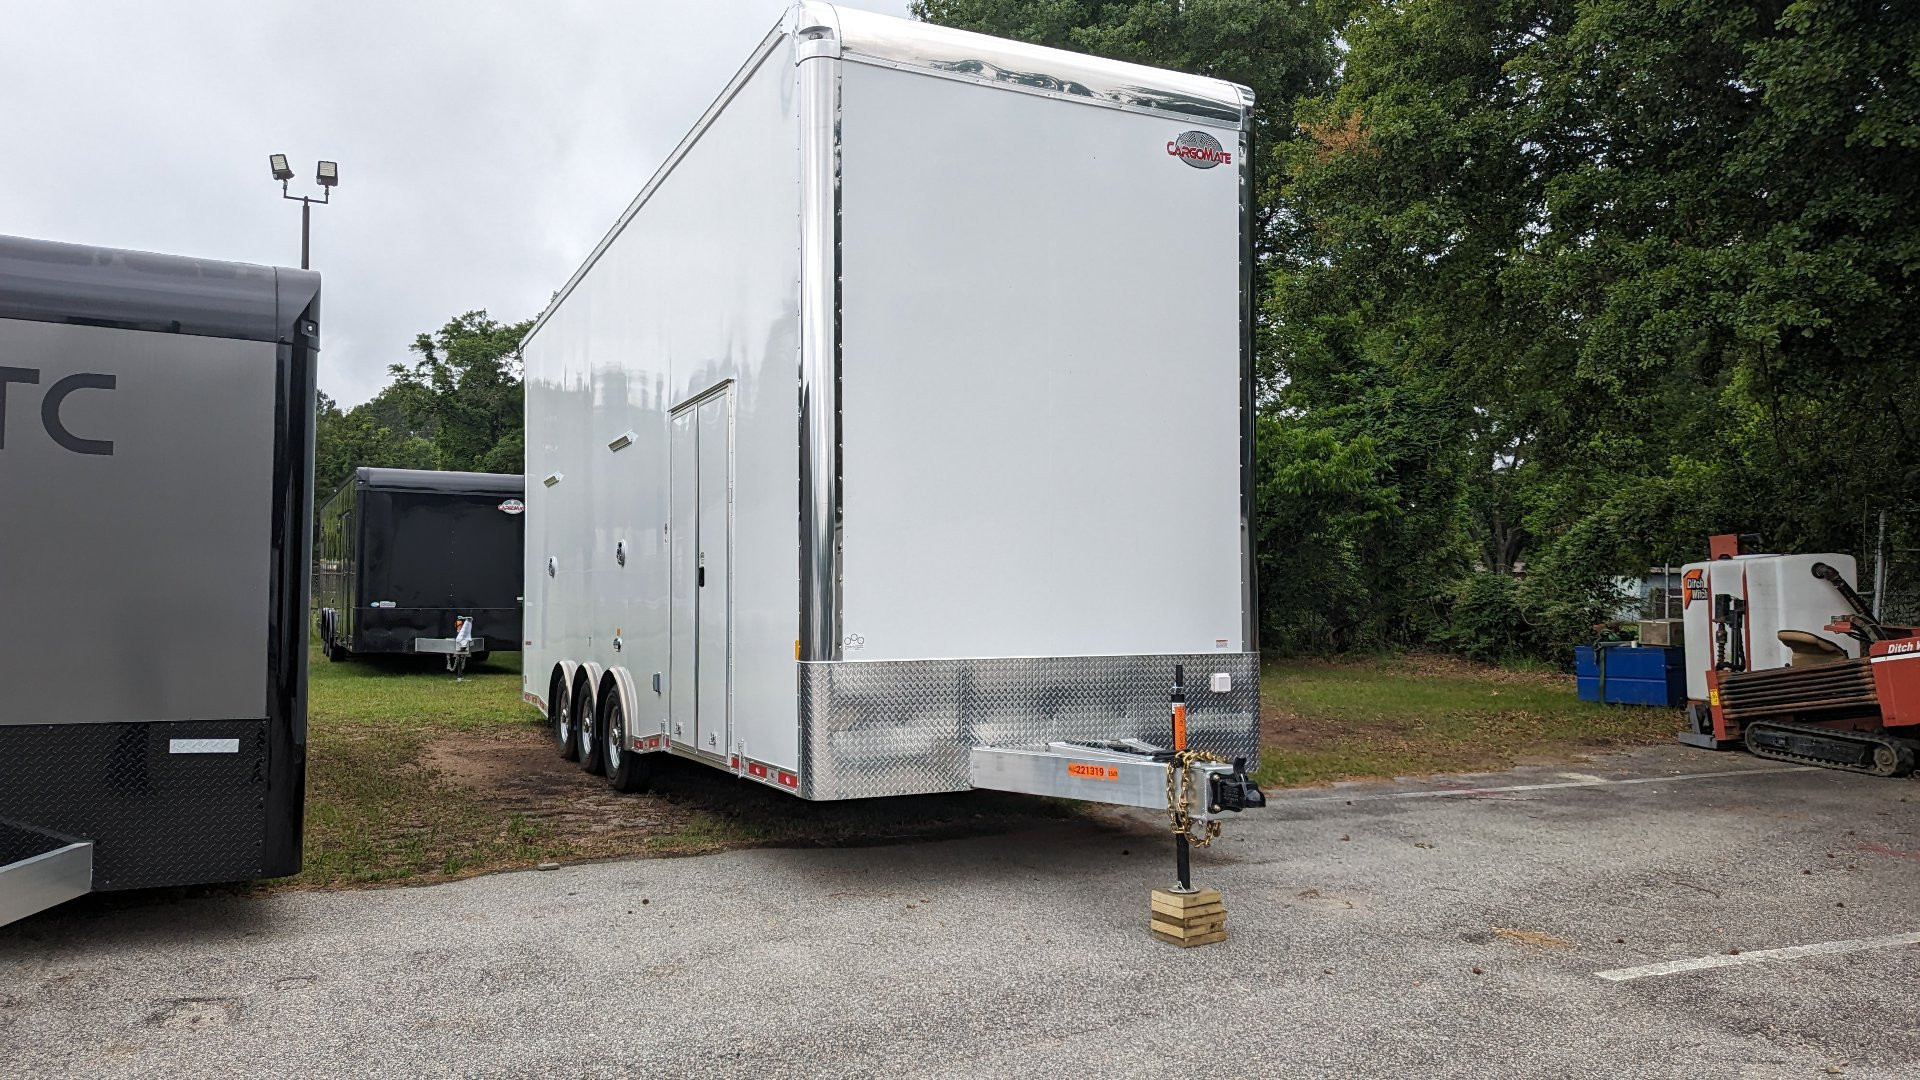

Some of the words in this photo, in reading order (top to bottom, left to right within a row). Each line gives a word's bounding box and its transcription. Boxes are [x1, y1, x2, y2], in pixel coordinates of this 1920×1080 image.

[1687, 578, 1704, 589] Ditch
[1887, 641, 1914, 654] Ditch
[1076, 765, 1105, 777] 221319
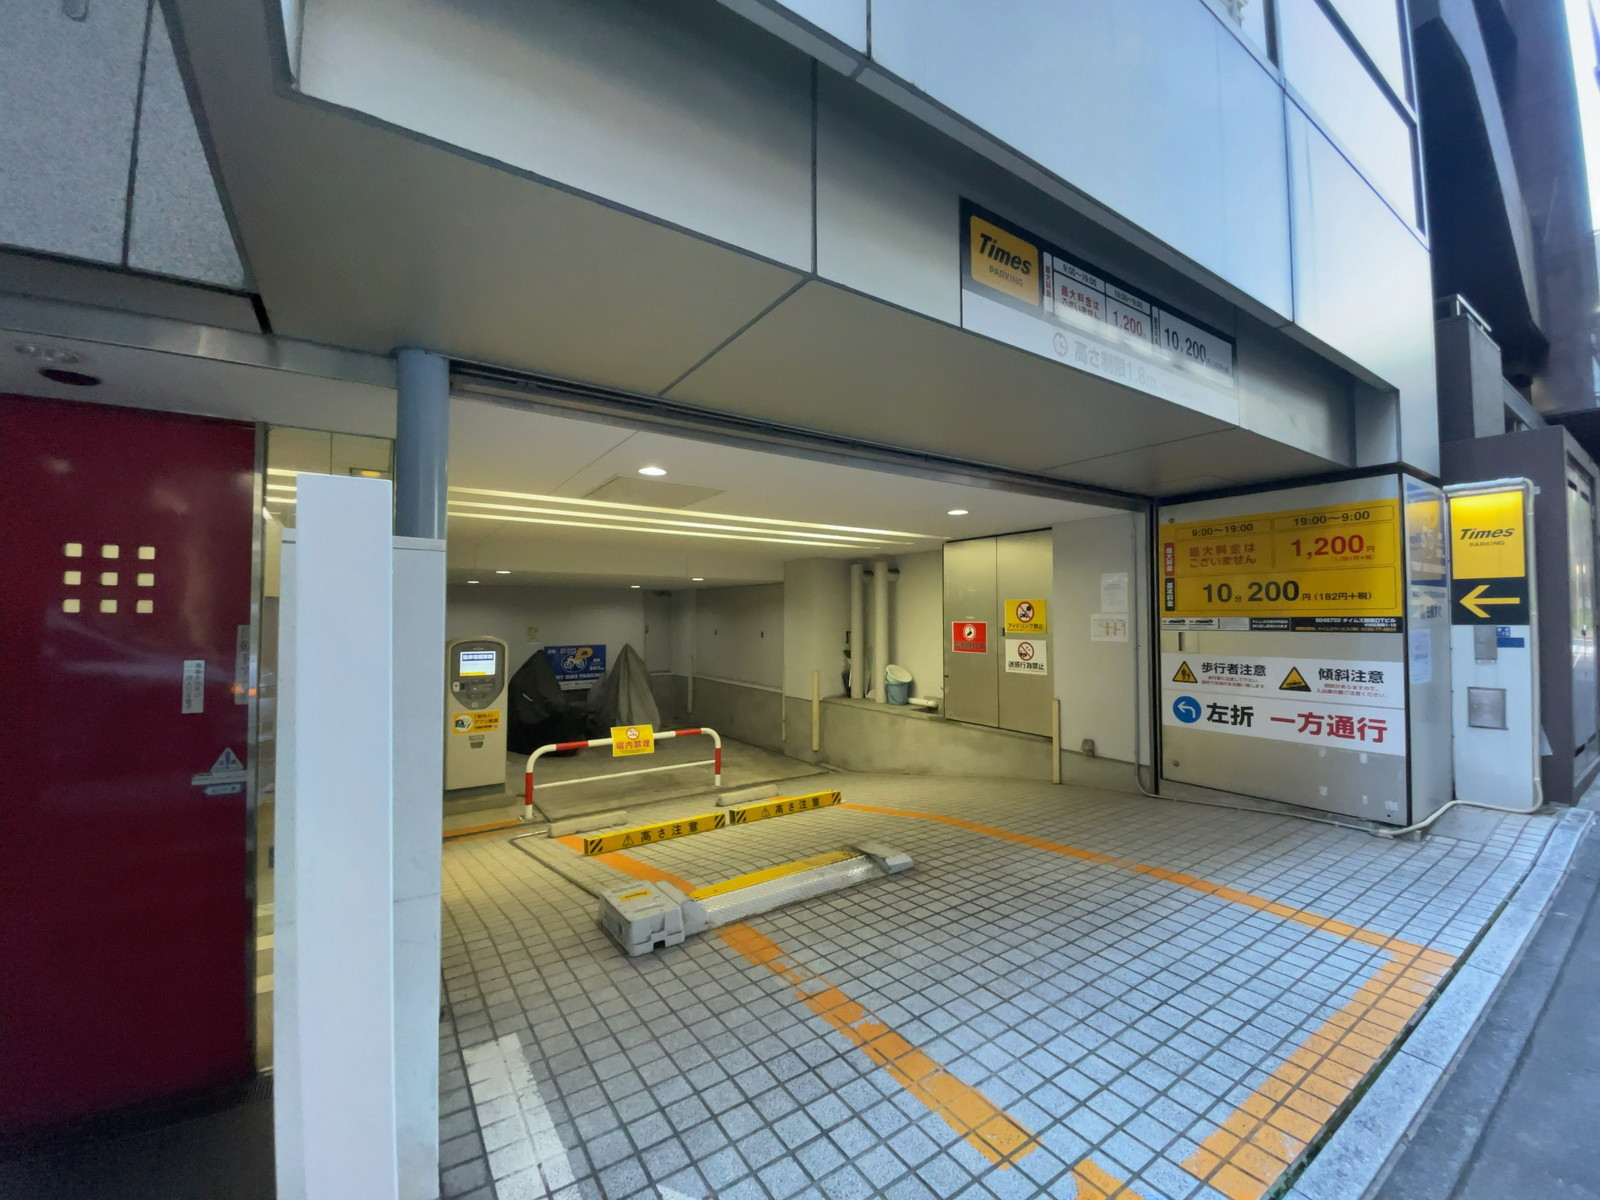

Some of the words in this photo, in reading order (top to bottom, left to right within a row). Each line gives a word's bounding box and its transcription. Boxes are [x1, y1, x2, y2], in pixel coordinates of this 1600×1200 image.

[979, 232, 1032, 276] Times
[988, 264, 1024, 288] PARKING
[1061, 284, 1099, 311] 最大料金は
[1294, 510, 1370, 527] 19:00～9:00
[1192, 523, 1254, 537] 9:00～19:00
[1460, 527, 1515, 541] Times
[1189, 543, 1256, 557] 最大料金は
[1189, 554, 1257, 568] ございません
[1201, 661, 1267, 677] 歩行者注意
[1318, 667, 1384, 684] 傾斜注意
[1206, 703, 1254, 728] 左折
[1270, 712, 1388, 743] 一方通行
[774, 796, 821, 815] 高さ注意
[640, 821, 699, 843] 高さ注意
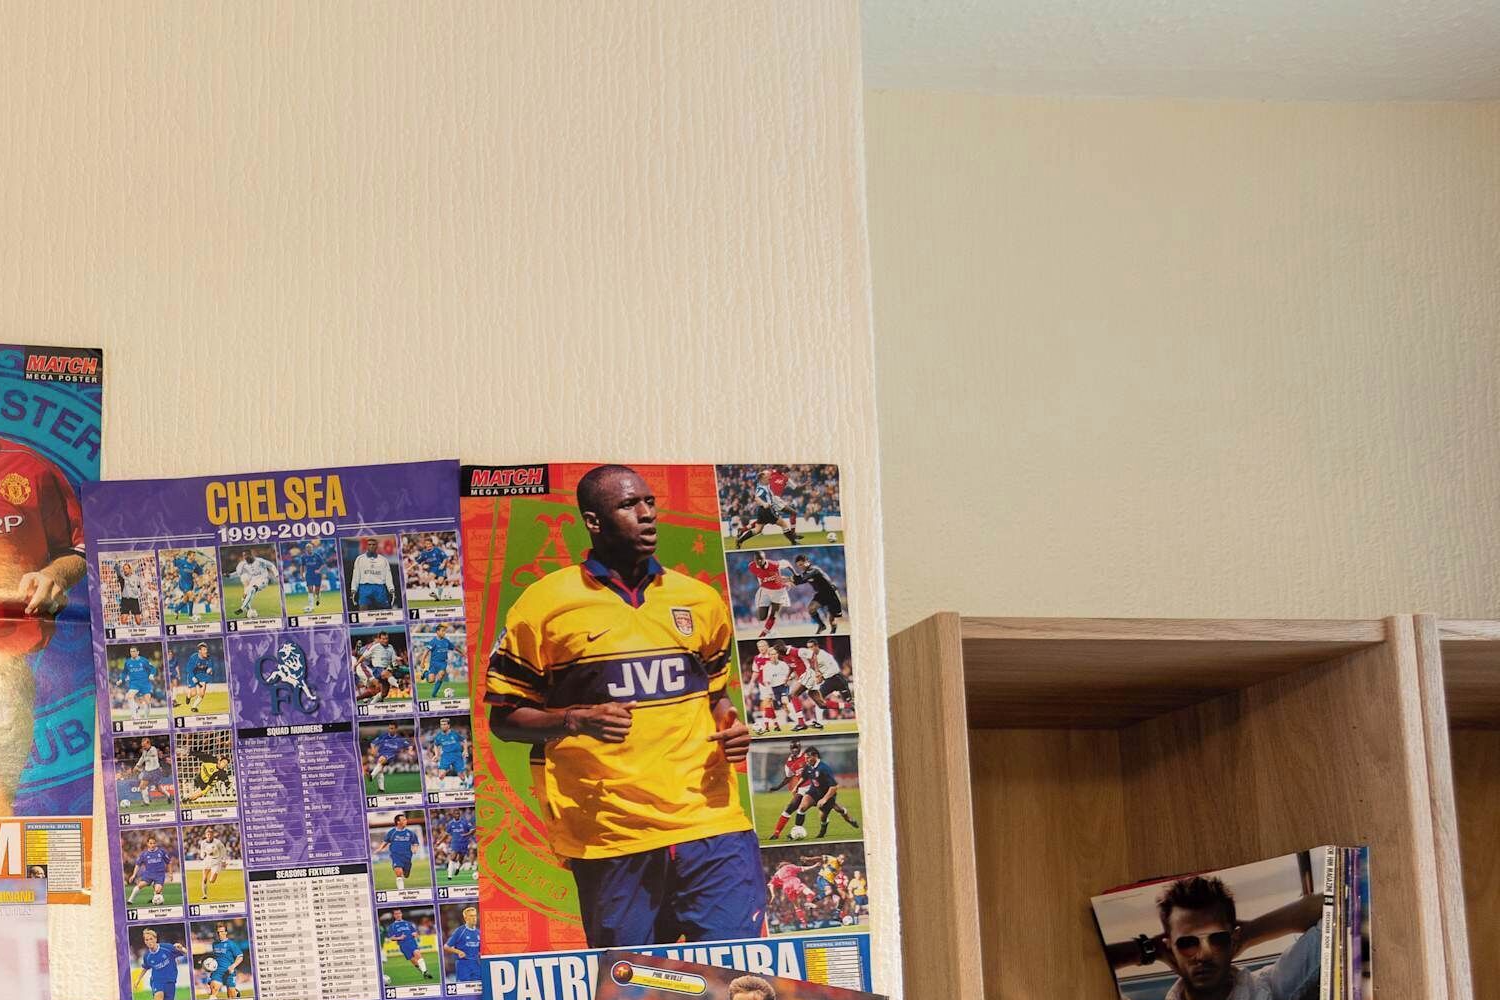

◇ ◇ ◇

- DIRECTIONS FOR THIS TASK -
Leave the images out and output the remaining material exactly as it stands.

- SOLUTION FOR THIS TASK -
Some of the words in this photo, in reading order (top to bottom, left to right within a row). Each line gives a word's bounding box and its transcription. Boxes are [x1, y1, x2, y2], in pixel coordinates of this 1920×1080 image.

[1687, 578, 1704, 589] Ditch
[1887, 641, 1914, 654] Ditch
[1076, 765, 1105, 777] 221319

Some of the words in this photo, in reading order (top to bottom, left to right within a row). Each line gives a word's bounding box and its transcription. Boxes are [x1, y1, x2, y2], in pixel coordinates of this 1600×1200 image.

[979, 232, 1032, 276] Times
[988, 264, 1024, 288] PARKING
[1061, 284, 1099, 311] 最大料金は
[1294, 510, 1370, 527] 19:00～9:00
[1192, 523, 1254, 537] 9:00～19:00
[1460, 527, 1515, 541] Times
[1189, 543, 1256, 557] 最大料金は
[1189, 554, 1257, 568] ございません
[1201, 661, 1267, 677] 歩行者注意
[1318, 667, 1384, 684] 傾斜注意
[1206, 703, 1254, 728] 左折
[1270, 712, 1388, 743] 一方通行
[774, 796, 821, 815] 高さ注意
[640, 821, 699, 843] 高さ注意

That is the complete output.